(Stored entries)
···

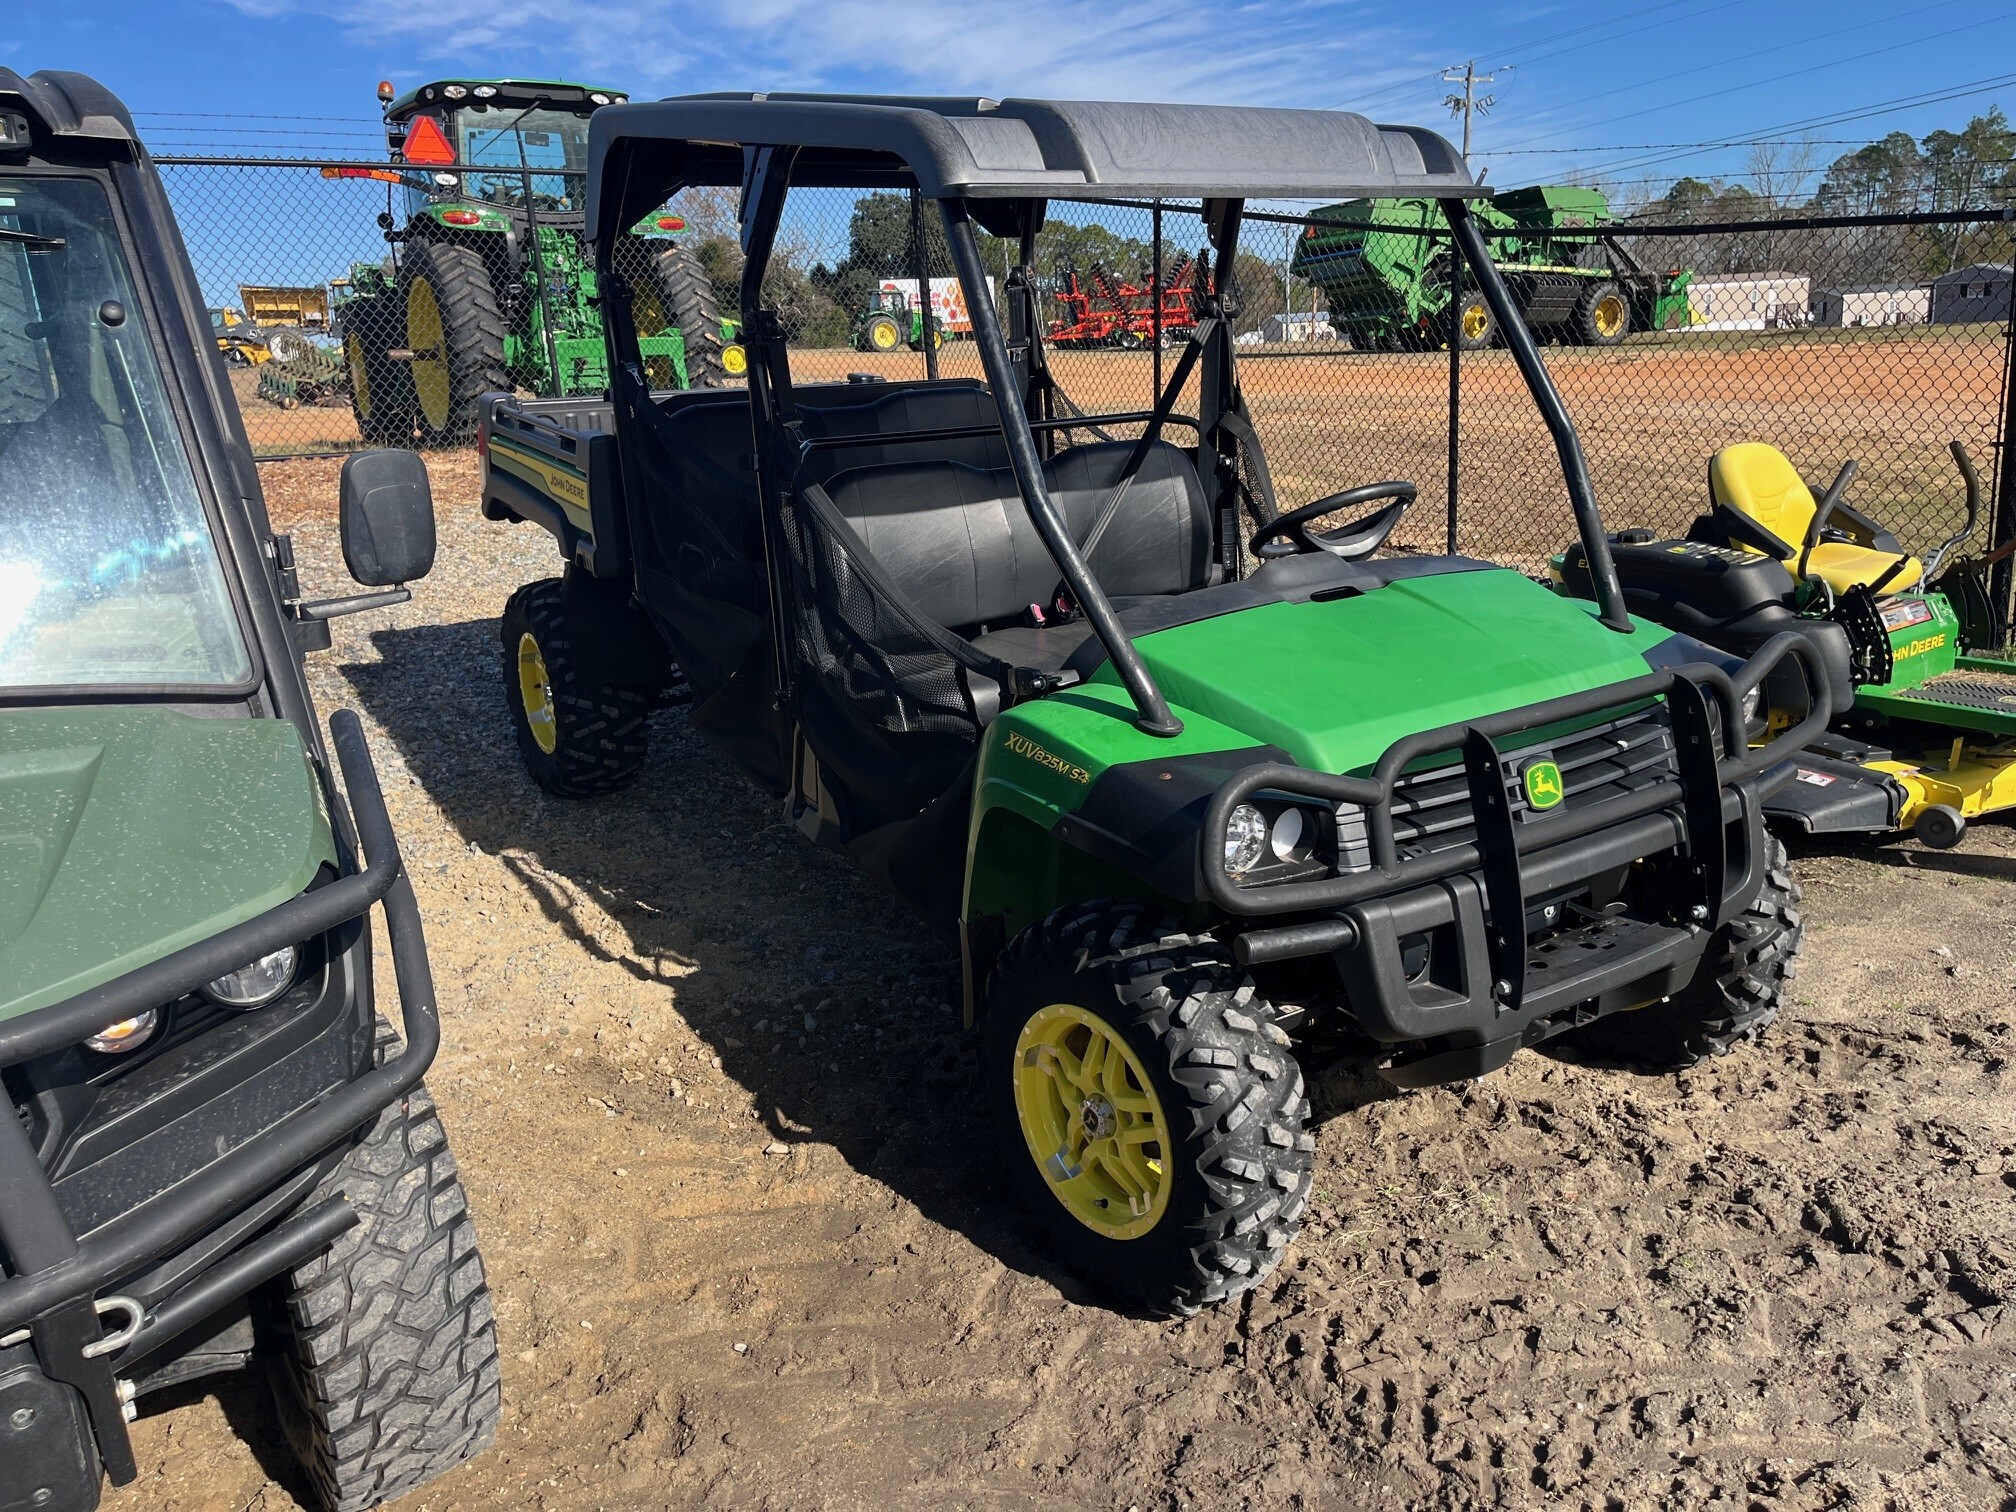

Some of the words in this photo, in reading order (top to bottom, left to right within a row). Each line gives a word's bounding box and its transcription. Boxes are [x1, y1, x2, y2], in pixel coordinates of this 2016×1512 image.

[551, 473, 565, 491] JOHN
[565, 479, 585, 500] DEERE
[1910, 633, 1945, 656] DEERE
[1004, 732, 1070, 774] XUV825M
[1069, 768, 1090, 784] S4

···

* [EXERCISE INSTRUCTIONS]
A faithful copy is needed: reproduce all of the data above, leaving the pictures out.

* [YOUR RESPONSE]
Some of the words in this photo, in reading order (top to bottom, left to right within a row). Each line gives a word's bounding box and its transcription. Boxes are [x1, y1, x2, y2], in pixel coordinates of this 2016×1512 image.

[551, 473, 565, 491] JOHN
[565, 479, 585, 500] DEERE
[1910, 633, 1945, 656] DEERE
[1004, 732, 1070, 774] XUV825M
[1069, 768, 1090, 784] S4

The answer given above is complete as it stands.